Тринадцать полнолуний - Эра Рок
Шрифт:
Интервал:
Закладка:
— О, бог мой, — выдохнул Юлиан, — сынок! Нет-нет-нет! Нет, оставьте его! Отойди, коварная злыдня! Ты обещала!
Доктор, на подкашивающихся ногах, едва смог добежать к Генри и упал на колени. Даже в свете тусклого керосинового фонаря возле ступений было видно, как налились кровью глаза Генри. Юлиан невнятно забормотал что-то на непонятном языке, воздел руки к небу и, опустив через мгновенье, положил их на темя Генри.
— Мальчик мой, опомнись, что ты, что ты. Нет-нет, вернись, не уходи, — шептали губы доктора, — ты не должен так уйти. Рано, ой, как рано. Так не далеко до кровоизлияния в мозг. Слишком рано мы взяли тебя в будущее. Столько информации, смертей, неисправимой безысходности разрушили ваш спокойный внутренний мир. Я, старый дурак, думал, что двенадцатый дом приведёт ваше психическое состояние в порядок. Чудовищно, своими руками подвергнуть мальчика такой опасности. Я ничтожество! Жалкий мечтатель!
— Успокойтесь, учитель, я в порядке, — Генри выдавил из себя тихий стон, но голос был спокойным и ровным.
Юлиан посмотрел ему в лицо и, к своему удивлению, заметил, что кровь отхлынула от глаз юноши и лицо приобрело нормальный цвет. Боясь, что руки убирать рано, Юлиан лишь теснее прижал их к голове Генри. Но тот, видимо, придя в себя, лишь улыбался, видя выражение панического страха на лице доктора.
— Всё прошло, дядя Юлиан, всё встало на свои места, — Генри отстранил руки учителя и, подтянувшись, сел на палубе.
— Но что это было? — не веря в столь скорое исцеление, пробормотал Юлиан.

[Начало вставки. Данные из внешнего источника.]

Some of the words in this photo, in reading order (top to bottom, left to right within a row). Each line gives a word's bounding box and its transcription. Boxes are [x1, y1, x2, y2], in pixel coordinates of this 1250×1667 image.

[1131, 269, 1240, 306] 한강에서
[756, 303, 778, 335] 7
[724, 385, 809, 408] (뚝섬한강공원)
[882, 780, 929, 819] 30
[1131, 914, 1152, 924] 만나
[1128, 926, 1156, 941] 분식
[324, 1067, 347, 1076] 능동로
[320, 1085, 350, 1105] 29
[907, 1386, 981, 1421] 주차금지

— Просто здесь и сейчас я приобрёл дар ясновиденья и то, что показали мне в эти первые секунды, я боюсь передать вам, простите, — Генри медленно встал на ноги и протянул Юлиану руку, — нам с вами нужно вооружиться терпением и непоколебимой верой в правельности наших действий. У меня остались только два самых близких человека в этом мире, жаль, что жизнь так быстротечна. Но нет худа без добра, проиграв эту битву, я всё равно выиграю.

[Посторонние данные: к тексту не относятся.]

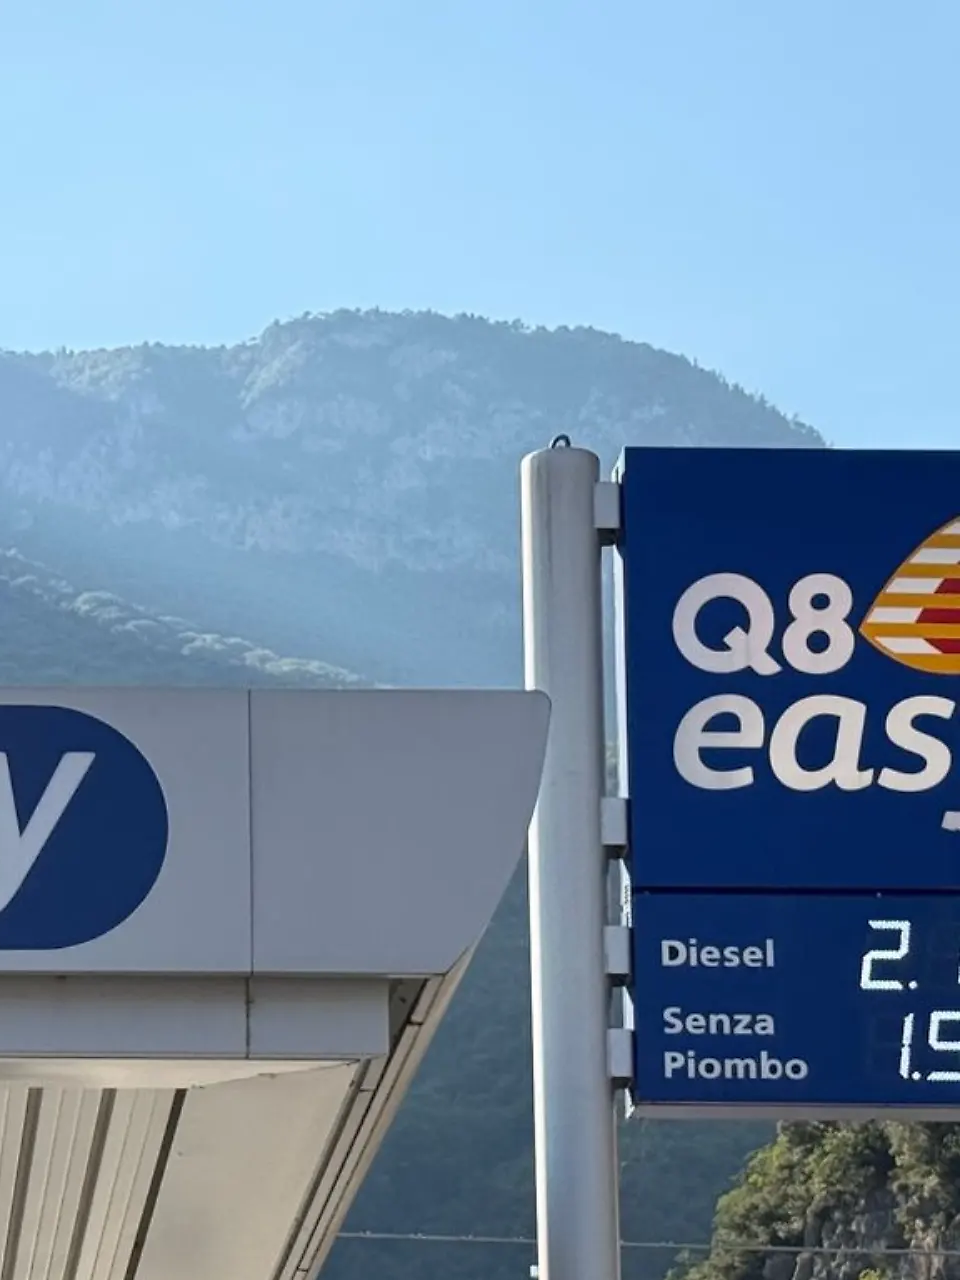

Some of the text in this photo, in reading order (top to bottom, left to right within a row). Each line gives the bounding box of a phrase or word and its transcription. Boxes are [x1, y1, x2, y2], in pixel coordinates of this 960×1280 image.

В голосе Генри было столько тихого спокойствия, что Юлиан подозрительно посмотрел на него. «Как-то странно спокоен этот юноша, что-то здесь не так. Может, начались какие-нибудь необратимые процессы? О боги, только этого не хватало» забеспокоился Юлиан.

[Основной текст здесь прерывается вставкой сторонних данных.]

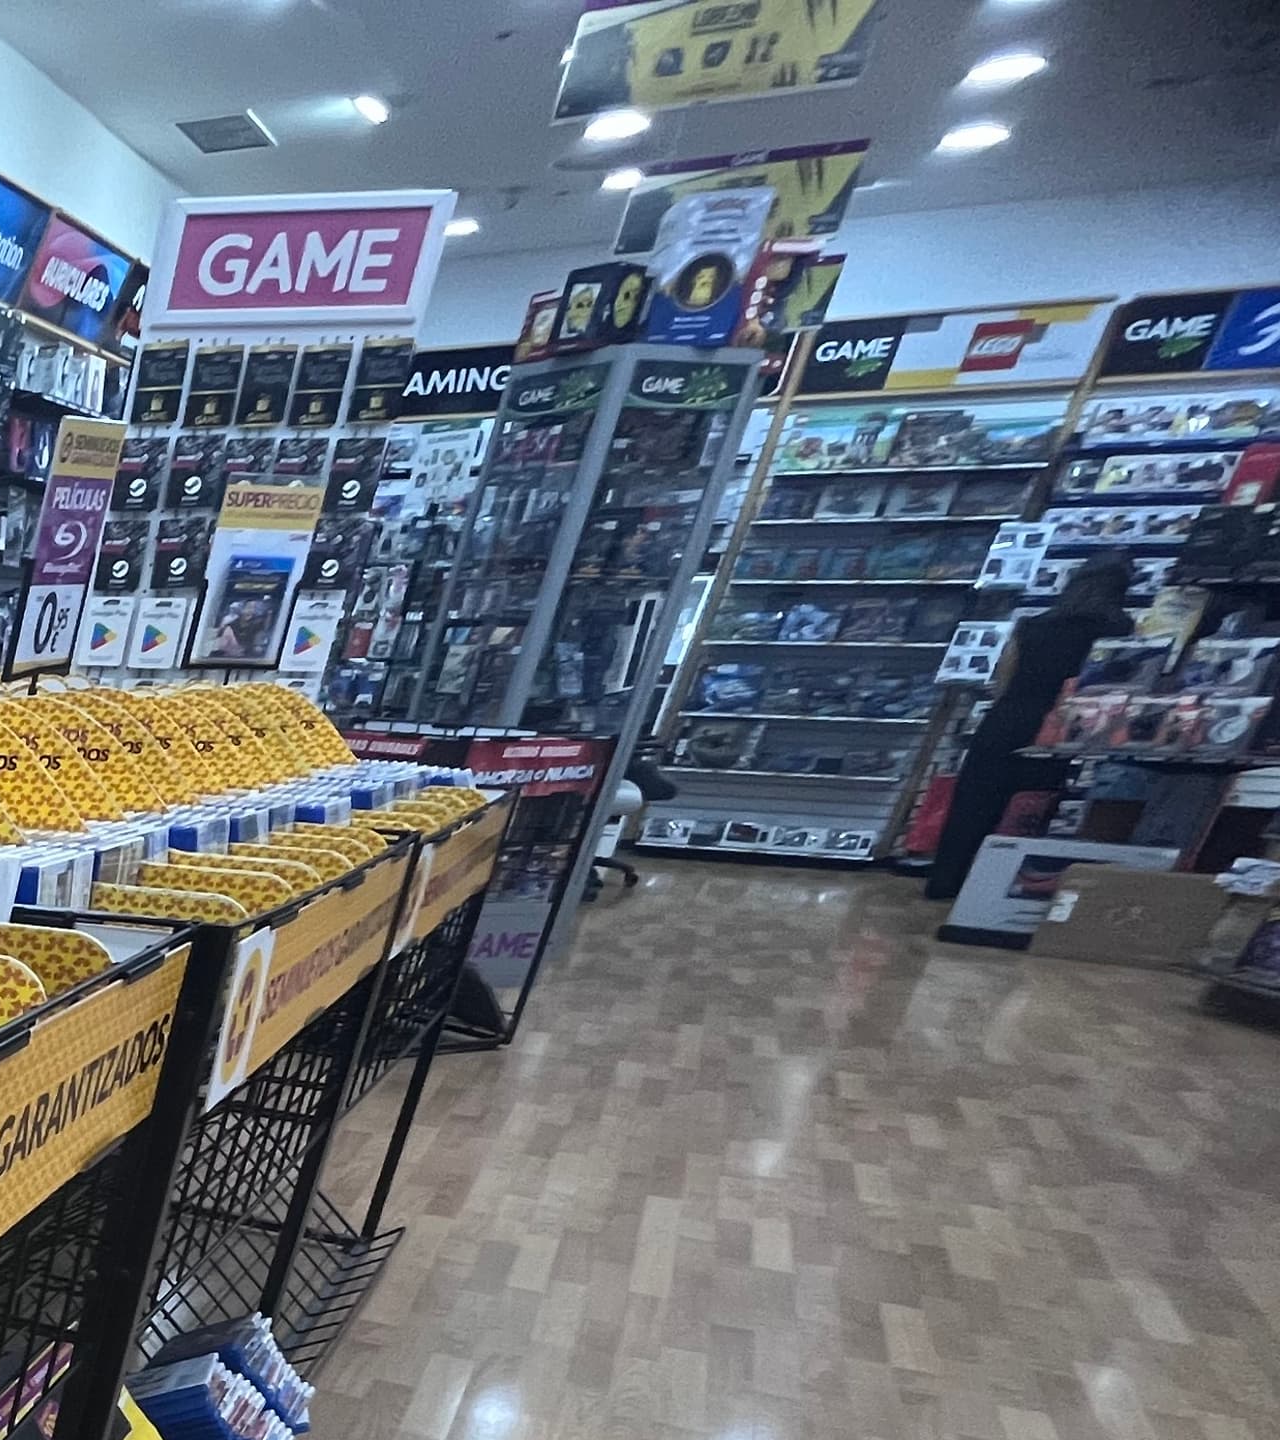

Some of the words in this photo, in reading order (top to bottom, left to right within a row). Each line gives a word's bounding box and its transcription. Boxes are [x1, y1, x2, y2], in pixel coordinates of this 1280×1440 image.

[198, 228, 401, 297] GAME
[41, 255, 111, 313] AURICULARES
[1125, 313, 1218, 341] GAME
[815, 336, 895, 362] GAME
[972, 333, 1021, 357] LEGO
[402, 363, 512, 398] AMING
[641, 374, 685, 395] GAME
[52, 482, 106, 511] PELÍCULAS
[473, 932, 541, 959] AME

— Нет, я в своём уме, не волнуйтесь, — улыбнулся Генри, — но именно сейчас я понял что-то такое, что-то очень важное выстроилось в моём подсознании.
— Но тогда объясните мне, а то я ничего не понимаю.
— Не лукавьте, мой старый добрый друг, — Генри взял Юлиана за плечи, — вы прекрасно всё знаете, ещё лучше меня, но почему-то не хотите быть со мной откровенным. Я не прошу вас назвать мне дату, мне кажется, я скоро сам её узнаю до последней минуты. Я просто хочу успеть как можно больше. На свет появилось маленькое существо, которое нуждается в нашей опеке. Сколько успею, столько и попытаюсь объяснить ему. Жаль, что время диктует свои правила игры. Обещайте мне, что не оставите моего сына без присмотра, если со мной что-нибудь случиться.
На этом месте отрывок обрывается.